For myself, I would choose to keep my distance from such phenomena, trusting that whatever I might be missing is not greater than what I am protecting and cherishing and that the Lord is not offended by a carefulness that would rather err in a jealousy for His holiness than to risk subverting what has already been given as pure and true (the residue of the knowledge of God as holy, obtained through obedience and communion, cherished and guarded over the years). What believer who has once been in that Presence could ever countenance the entertainment-carnival atmosphere that prevailed in the video cited above? I have not yet recovered, and trust never will, from the eerie experience some twenty years ago of being present on the platform at an international conference in the midst of falling bodies (ostensibly ’slain in the Spirit’) in the complete absence of the sense of God’s presence! The visible demonstration of power without the corresponding sense of God in the midst of squeals of carnal excitement and popping flashbulbs was more than could be borne. Whatever the consequence to propriety, ministerial and offended relationships, I had to leave.
Remarkable that though we are explicitly warned about end-time “lying signs and wonders”, (II Thessalonians 2:9; Matthew 24:24) we imagine that it is future and mindlessly trust ourselves in our greed for experiences, empowerments, or releases to dubious personalities who have caught the public fancy in incredible overnight popularity. I profoundly respect God’s use of the weak and the foolish thing, but I cannot for that reason endorse what is garish, cheap, and coarse as being that. “Holiness unto the Lord” is still the standard of God’s House even when it is unspectacular and unassuming in the eyes of the world—or even our own.

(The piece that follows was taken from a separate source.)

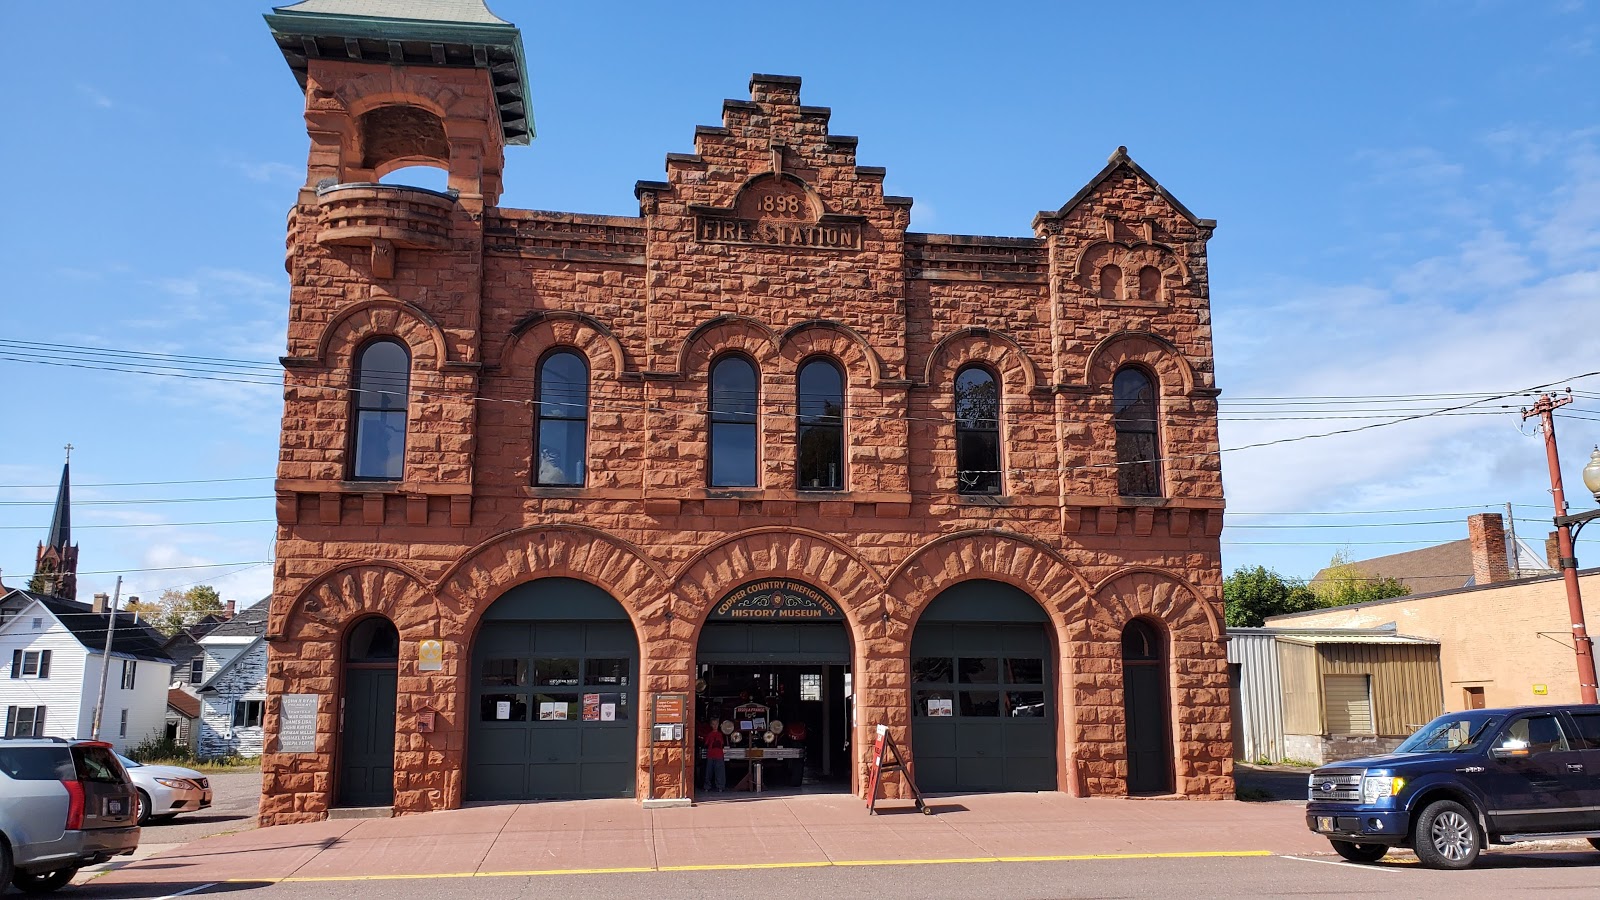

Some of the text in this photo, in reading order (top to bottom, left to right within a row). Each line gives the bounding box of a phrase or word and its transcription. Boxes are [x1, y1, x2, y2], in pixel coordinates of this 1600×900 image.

Certainly in all of the overwhelming endorsement of the present revival-renewal phenomenon, the sober believer will not fault this modest, hopefully redemptive voice of caution. Perhaps one of the most ominous features of the hour is the note of warning sounded about those who have some reserve as being ‘obstructions’, ‘enemies’, or ‘threats’ to this outpouring of God. The invitation seems to be to abandon all restraint (’The bar is open’)—leap in or get out of the way of others if you cannot! God is well able, I feel sure, to protect as well as perfect what pertains unto Him (Colossians 1:28). I cannot help but wonder if it is man’s interests that are being so vehemently defended and that we are at the inception of what could ultimately be finalized by the warning that “they will kill you and claim that they are doing God a service.” (John 16:2)
I would insert here a caution given by T. Austin Sparks, more appropriate now perhaps then when it was sounded decades ago, in speaking of the Corinthians’ propensity for ’sensational evidences’. How much does it suggest that we may presently be reaping is what was mindlessly and carelessly sown in the decades of the Charismatic Movement. The immaturity of many was fostered in easy ‘decisions’, Cross-avoiding indolence, undisciplined living, the giddy adulation of personalities and in the superficiality, levity and lightness of our meetings:
“We are in that kind of age today. It is becoming more and more a psychic age. It is an age of the soul just spilling over, asserting itself, taking control of everything in Christianity as well as outside of it—a soulish age… Be careful that you are not hankering for this realm again. Are you after the evidence? My, how I have seen dear Christian people just prostrating themselves, groaning and crying, almost screaming for evidence—these ’sign’ things… Christians and dear men of God, who have been greatly used, are creating an emotional, psychic situation that is involving simple Christians in things which are, sooner or later, going to be a great disillusionment and an offense. It will bring ‘offendedness’ with the Lord, and that is just what the devil is after.” (Called Unto the Fellowship of His Son, p. 46, published by Emmanuel Church, 12000 E.14th St., Tulsa, OK 74128)
Personally, I believe myself to be ready to risk all and to dare all for the Lord, but certainly not for a ‘blessing’ or dubious ‘experience’ that confers some seeming good. My own preference, and I believe that of the Scripture, is to seek out the root of depression according to the Word (usually unacknowledged disobediences). This will be accomplished primarily through that part of the Body to whom I am accountable and with whom I am authentically joined. (Ephesians 4:15) When ‘experience’ as a ‘quick-fix’ alternative is preferred to these disciplines, we put ourselves in a place of spiritual jeopardy. Is not the Lord near at hand to all who seek Him? What is the enduring benefit when we have merely received some alleviation from the symptoms that were occasioned by serious defects of character and return with these defects still remaining? Whatever the future will reveal of the present revival phenomenon, perhaps the greatest will be the profound repentance of broken thousands upon recognizing their susceptibility to deception, their lack of elementary discernment, and their haste to run after demonstrations of power in atmospheres so contrary to God’s known holiness and character.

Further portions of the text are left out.